Ann Surg. 2013 Aug;258(2):210-8. doi: 10.1097/SLA.0b013e31829c790d.
To assess metabolic and oncologic outcomes of islet autotransplantation (IAT) in patients undergoing pancreatic surgery for either benign or malignant disease.
IAT is performed to improve glycemic control after extended pancreatectomy, almost exclusively in patients with chronic pancreatitis.

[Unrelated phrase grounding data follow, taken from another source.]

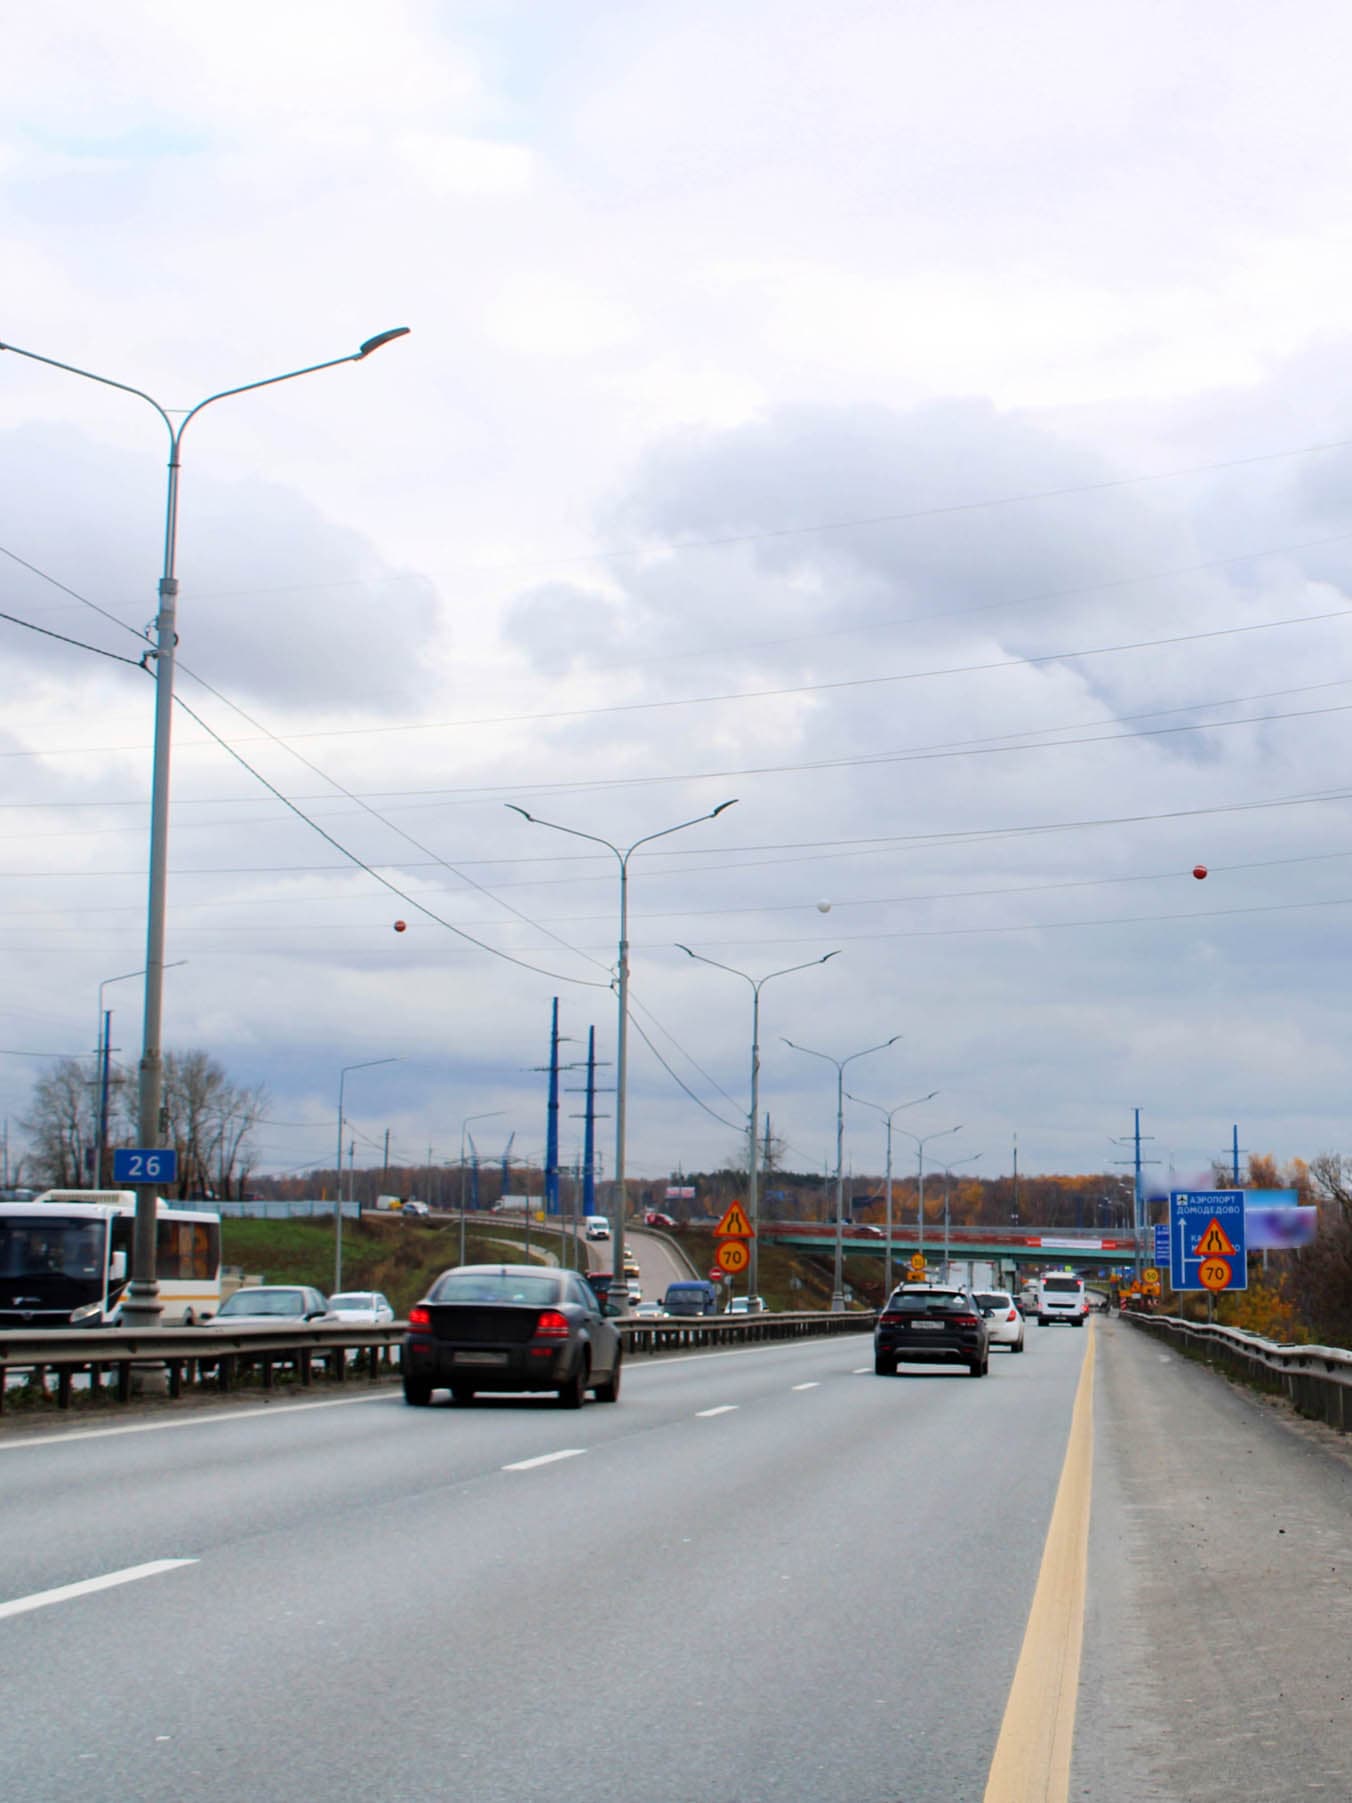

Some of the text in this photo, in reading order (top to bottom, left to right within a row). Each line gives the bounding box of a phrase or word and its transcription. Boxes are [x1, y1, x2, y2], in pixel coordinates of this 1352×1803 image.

[128, 1155, 160, 1177] 26
[1190, 1195, 1236, 1205] АЭРОПОРТ
[1176, 1206, 1241, 1215] ДОМОДЕДОВО
[723, 1250, 742, 1264] 70
[1206, 1267, 1225, 1281] 70

Limited experience is available for other indications or in patients with pancreatic malignancy.
In addition to chronic pancreatitis, indications for IAT were grade C pancreatic fistula (treated with completion or left pancreatectomy, as indicated); total pancreatectomy as an alternative to high-risk anastomosis during pancreaticoduodenectomy; and distal pancreatectomy for benign/borderline neoplasm of pancreatic body-neck. Malignancy was not an exclusion criterion. Metabolic and oncologic follow-up is presented.

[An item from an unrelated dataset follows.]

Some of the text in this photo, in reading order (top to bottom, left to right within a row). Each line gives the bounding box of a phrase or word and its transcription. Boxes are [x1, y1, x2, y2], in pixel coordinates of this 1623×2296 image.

From November 2008 to June 2012, 41 patients were candidates to IAT (accounting for 7.5% of all pancreatic resections). Seven of 41 did not receive transplantation for inadequate islet mass (4 pts), patient instability (2 pts), or contamination of islet culture (1 pt). IAT-related complications occurred in 8 pts (23.5%): 4 bleeding, 3 portal thromboses (1 complete, 2 partial), and 1 sepsis. Median follow-up was 546 days. Fifteen of 34 patients (44%) reached insulin independence, 16 patients (47%) had partial graft function, 2 patients (6%) had primary graft nonfunction, and 1 patient (3%) had early graft loss. Seventeen IAT recipients had malignancy (pancreatic or periampullary adenocarcinoma in 14). Two of them had already liver metastases at surgery, 13 were disease-free at last follow-up, and none of 2 patients with tumor recurrence developed metastases in the transplantation site.

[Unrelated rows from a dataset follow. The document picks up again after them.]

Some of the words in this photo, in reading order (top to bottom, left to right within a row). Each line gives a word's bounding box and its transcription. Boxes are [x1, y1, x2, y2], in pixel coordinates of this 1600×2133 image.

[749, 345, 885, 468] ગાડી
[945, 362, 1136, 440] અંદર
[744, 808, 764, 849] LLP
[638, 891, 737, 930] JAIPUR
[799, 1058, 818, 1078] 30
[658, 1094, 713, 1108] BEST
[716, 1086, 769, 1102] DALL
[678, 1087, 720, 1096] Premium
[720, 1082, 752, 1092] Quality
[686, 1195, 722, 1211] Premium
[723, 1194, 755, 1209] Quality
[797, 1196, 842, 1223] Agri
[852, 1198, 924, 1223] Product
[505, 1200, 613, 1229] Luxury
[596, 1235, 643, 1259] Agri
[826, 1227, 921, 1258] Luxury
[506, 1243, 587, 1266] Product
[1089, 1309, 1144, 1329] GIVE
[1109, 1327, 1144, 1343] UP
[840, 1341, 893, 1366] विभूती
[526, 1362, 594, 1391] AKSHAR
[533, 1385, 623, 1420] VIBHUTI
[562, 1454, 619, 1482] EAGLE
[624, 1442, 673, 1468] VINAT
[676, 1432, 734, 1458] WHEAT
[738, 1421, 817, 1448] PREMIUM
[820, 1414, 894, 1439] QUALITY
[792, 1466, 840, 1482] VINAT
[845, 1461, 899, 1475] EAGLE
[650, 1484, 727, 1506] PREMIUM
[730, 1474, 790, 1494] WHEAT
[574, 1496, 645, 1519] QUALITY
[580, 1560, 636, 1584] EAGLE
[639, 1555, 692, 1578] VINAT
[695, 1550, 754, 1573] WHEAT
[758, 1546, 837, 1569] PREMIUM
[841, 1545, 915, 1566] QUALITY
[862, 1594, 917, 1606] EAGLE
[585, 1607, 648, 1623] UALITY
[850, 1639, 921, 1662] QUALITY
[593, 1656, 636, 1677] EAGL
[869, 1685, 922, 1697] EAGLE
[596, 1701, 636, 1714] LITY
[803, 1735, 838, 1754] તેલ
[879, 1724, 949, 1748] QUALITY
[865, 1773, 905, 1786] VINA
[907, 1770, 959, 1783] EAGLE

Although larger data are needed to definitely exclude the risk of disease dissemination, the present study suggests that IAT indications can be extended to selected patients with neoplasm.
评估胰岛自体移植(IAT)在因良性或恶性疾病而行胰腺手术的患者中的代谢和肿瘤学结局。
IAT 是为了改善广泛胰腺切除术后的血糖控制而进行的,几乎仅在慢性胰腺炎患者中进行。对于其他适应症或在胰腺恶性肿瘤患者中,经验有限。
除了慢性胰腺炎,IAT 的适应症还包括 C 级胰瘘(需要完成或左胰腺切除术,视情况而定);作为胰十二指肠切除术高风险吻合的替代方案进行全胰腺切除术;以及胰腺体-颈交界部的良性/交界性肿瘤行远端胰腺切除术。恶性肿瘤不是排除标准。介绍代谢和肿瘤学随访情况。
从 2008 年 11 月至 2012 年 6 月,41 名患者适合进行 IAT(占所有胰腺切除术的 7.5%)。由于胰岛质量不足(4 例)、患者不稳定(2 例)或胰岛培养物污染(1 例),41 例中有 7 例未进行移植。IAT 相关并发症发生在 8 例患者中(23.5%):4 例出血,3 例门静脉血栓形成(1 例完全,2 例部分),1 例败血症。中位随访时间为 546 天。34 例患者中有 15 例(44%)达到胰岛素独立性,16 例(47%)有部分移植物功能,2 例(6%)有原发性移植物无功能,1 例(3%)有早期移植物丢失。17 例 IAT 受者患有恶性肿瘤(14 例为胰腺或壶腹周围腺癌)。其中 2 例在手术时已有肝转移,13 例在最后一次随访时无疾病,2 例肿瘤复发患者中无 1 例在移植部位发生转移。
尽管需要更大的数据来明确排除疾病传播的风险,但本研究表明,IAT 适应证可以扩展到选定的肿瘤患者。